Vivere rinchiuso in casa non è facile ma è ancora più difficile se si è costretti a convivere con persone poco gradite. È quanto ha scoperto a sue spese un uomo di 49 anni finito agli arresti domiciliari in casa della mamma a Catania. La convivenza con la donna infatti si è rivelata molto difficile tanto da spingere l’uomo a scappare via. Non si è trattato però di una evasione nel senso stretto del termine visto che il quarantanovenne è uscito di casa recandosi subito alla più vicina stanza dei carabinieri dove si è costituito spiegando la sua storia e chiedendo di essere di nuovo arrestato perché non sopportava più la madre.

Ai Carabinieri della Stazione di Piazza Verga che se lo sono ritrovati davanti non è rimasto altro da fare che accontentarlo mettendogli le manette per evasione. “Sono un latitante e mi sono venuto a costituire” avrebbe riferito l’uomo avvicinandosi a dei militari che erano appena usciti dalla sede del comando per intraprendere il loro servizio di pattuglia. Il 49enne ha spiegato di essere stato costretto ad andare via per l’incompatibilità col carattere della donna.
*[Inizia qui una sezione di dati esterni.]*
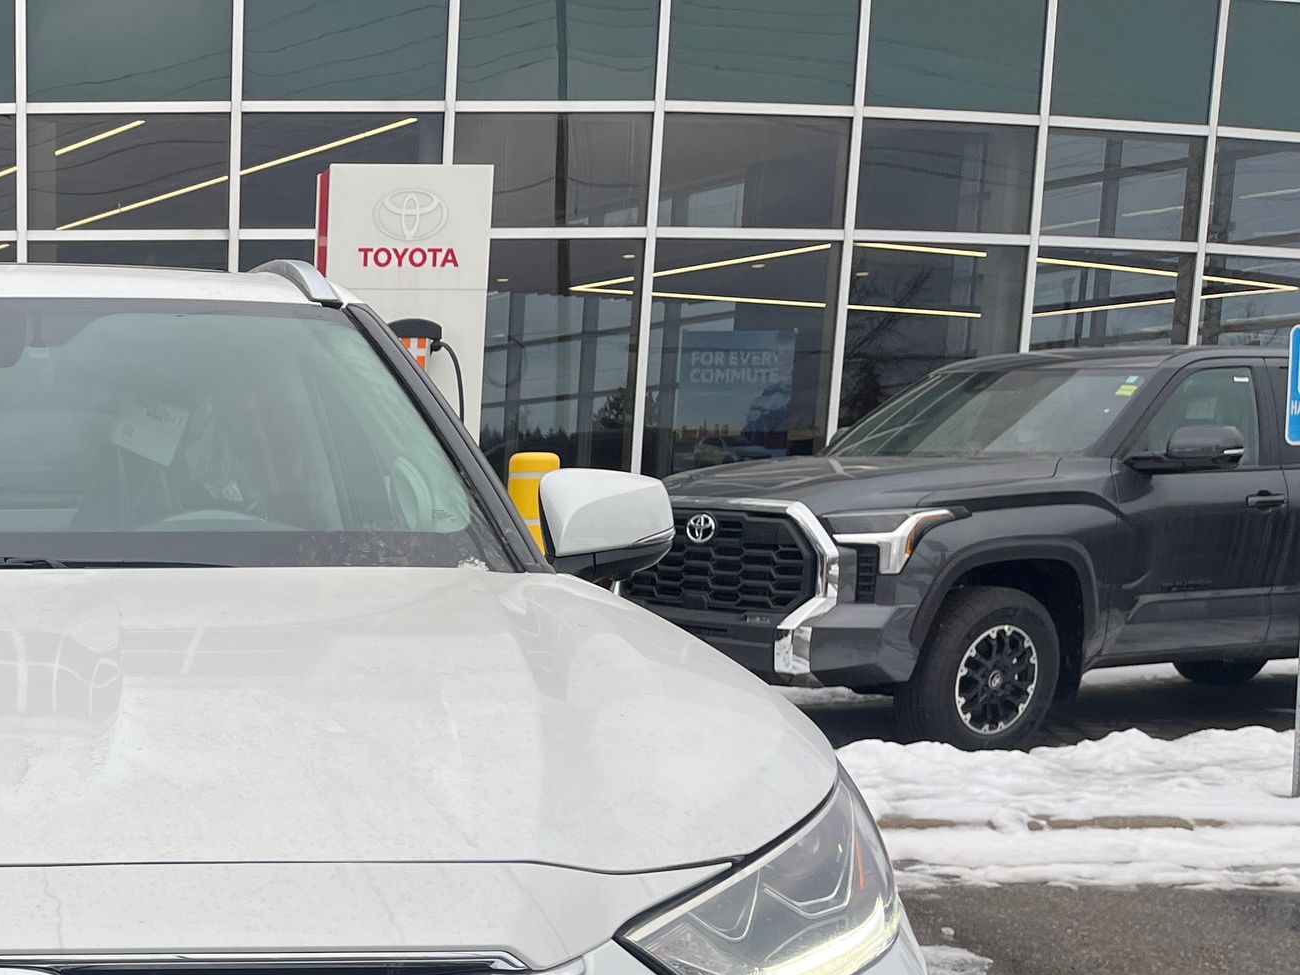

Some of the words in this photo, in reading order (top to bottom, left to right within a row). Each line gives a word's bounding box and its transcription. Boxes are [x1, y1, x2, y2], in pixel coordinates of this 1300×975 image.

Dai successivi accertamenti i carabinieri hanno appurato che il 49enne doveva essere ai domiciliari dopo essere stato arrestato il 10 ottobre scorso con l’accusa di essere stato l’autore di uno scippo compiuto ai danni di un anziano lo scorso gennaio. Per lui sono scattate nuovamente le manette ma non è finito in carcere. In attesa delle decisioni dell’Autorità Giudiziaria, è stato ricollocato ai domiciliari ma per sua fortuna non è andato a casa della mamma: questa volta sconterà il provvedimento a casa della fidanzata.